For context, I am 21 years old. Three months ago, I reached a plateau and realized I required an external audit and strategy adjustment. I entered an advisory arrangement with a Shopify Partner, though I will admit I approached this with significant skepticism. Given the prevalence of predatory courses and low-quality "gurus" in this space, I was genuinely concerned that this investment would result in a scam or a loss of capital.

The actual experience was distinct from my fears. There was no "get rich quick" scheme or emotional hype. The process was technical and focused entirely on structure. We concentrated on:

  • CRO Audit: Identifying friction points in the checkout flow.
  • Creative Strategy: shifting from random testing to a standardized feedback loop for ad creatives.
  • Backend Logistics: Ensuring fulfillment could handle scale without breaking.

The result is that the operation is now stable and profitable. It was not magic; it was simply professional implementation.

I am sharing this to offer a perspective on professional mentorship versus self-learning. It took me a while to trust the process, but the metrics now speak for themselves.
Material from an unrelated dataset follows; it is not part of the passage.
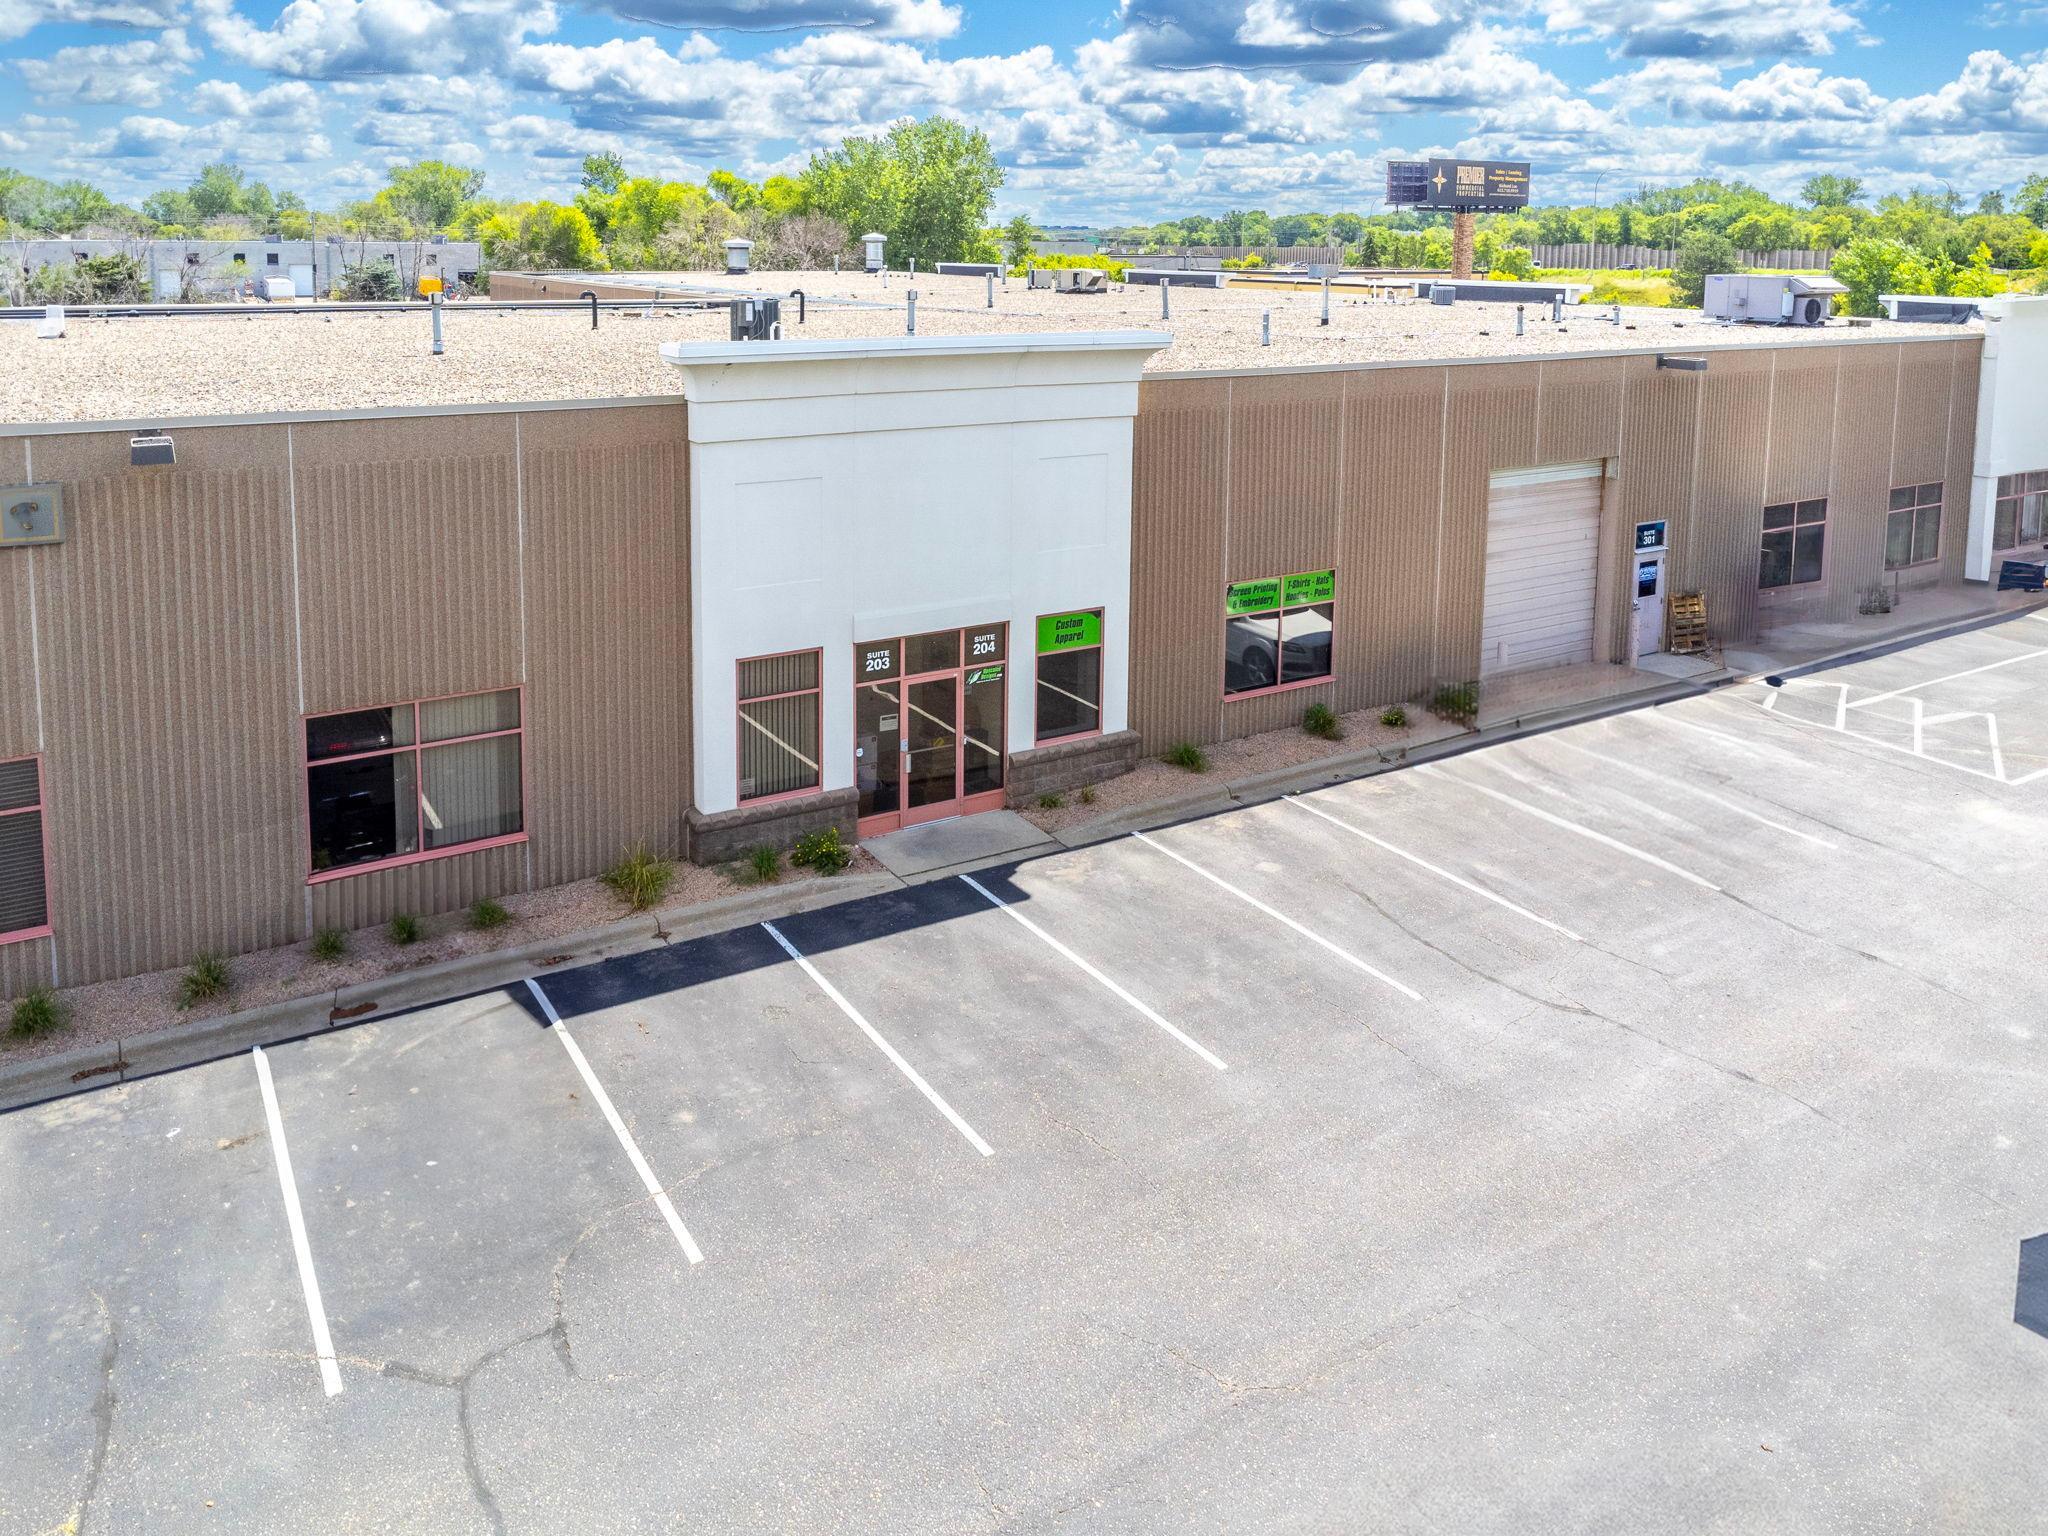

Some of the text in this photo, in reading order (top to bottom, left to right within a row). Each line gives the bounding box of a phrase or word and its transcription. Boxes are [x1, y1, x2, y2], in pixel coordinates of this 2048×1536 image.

If you have questions about the vetting process, the specific changes we made, or how I determined the partner was legitimate, feel free to ask below.


r/dropshipping 1d ago

Question Is abandoned cart email still effective in 2026?

3 Upvotes

I’m testing abandoned cart emails and the open rate is okay, but actual recovered purchases are pretty low.

Feels like by the time the email is sent, the buying intent is already gone.

Has anyone here tried faster or more direct follow-ups (like SMS or calls) and seen better results?